RECORDS TO PROCESS:
*-*-*
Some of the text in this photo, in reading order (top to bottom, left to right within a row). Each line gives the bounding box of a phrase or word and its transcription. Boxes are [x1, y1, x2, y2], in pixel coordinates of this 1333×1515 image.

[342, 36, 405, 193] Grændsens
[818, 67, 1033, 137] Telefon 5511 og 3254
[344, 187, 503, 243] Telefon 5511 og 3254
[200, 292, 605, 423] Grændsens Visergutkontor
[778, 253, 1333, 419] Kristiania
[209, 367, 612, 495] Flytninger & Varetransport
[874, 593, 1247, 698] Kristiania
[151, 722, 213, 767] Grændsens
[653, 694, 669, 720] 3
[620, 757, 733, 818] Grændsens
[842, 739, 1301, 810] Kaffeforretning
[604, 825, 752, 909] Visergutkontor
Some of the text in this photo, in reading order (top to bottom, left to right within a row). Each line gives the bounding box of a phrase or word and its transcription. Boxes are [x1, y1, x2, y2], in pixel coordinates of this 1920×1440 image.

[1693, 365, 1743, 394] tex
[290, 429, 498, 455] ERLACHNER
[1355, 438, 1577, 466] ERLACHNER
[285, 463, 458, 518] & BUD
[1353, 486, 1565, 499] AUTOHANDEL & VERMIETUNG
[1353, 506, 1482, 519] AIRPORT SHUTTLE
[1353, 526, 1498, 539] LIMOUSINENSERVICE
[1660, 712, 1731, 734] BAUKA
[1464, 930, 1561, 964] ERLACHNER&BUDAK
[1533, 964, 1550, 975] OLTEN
*-*-*
DIRECTIONS FOR THIS TASK: Could you return all the data above exactly as it appears?

WRITTEN RESPONSE:
Some of the text in this photo, in reading order (top to bottom, left to right within a row). Each line gives the bounding box of a phrase or word and its transcription. Boxes are [x1, y1, x2, y2], in pixel coordinates of this 1333×1515 image.

[342, 36, 405, 193] Grændsens
[818, 67, 1033, 137] Telefon 5511 og 3254
[344, 187, 503, 243] Telefon 5511 og 3254
[200, 292, 605, 423] Grændsens Visergutkontor
[778, 253, 1333, 419] Kristiania
[209, 367, 612, 495] Flytninger & Varetransport
[874, 593, 1247, 698] Kristiania
[151, 722, 213, 767] Grændsens
[653, 694, 669, 720] 3
[620, 757, 733, 818] Grændsens
[842, 739, 1301, 810] Kaffeforretning
[604, 825, 752, 909] Visergutkontor
Some of the text in this photo, in reading order (top to bottom, left to right within a row). Each line gives the bounding box of a phrase or word and its transcription. Boxes are [x1, y1, x2, y2], in pixel coordinates of this 1920×1440 image.

[1693, 365, 1743, 394] tex
[290, 429, 498, 455] ERLACHNER
[1355, 438, 1577, 466] ERLACHNER
[285, 463, 458, 518] & BUD
[1353, 486, 1565, 499] AUTOHANDEL & VERMIETUNG
[1353, 506, 1482, 519] AIRPORT SHUTTLE
[1353, 526, 1498, 539] LIMOUSINENSERVICE
[1660, 712, 1731, 734] BAUKA
[1464, 930, 1561, 964] ERLACHNER&BUDAK
[1533, 964, 1550, 975] OLTEN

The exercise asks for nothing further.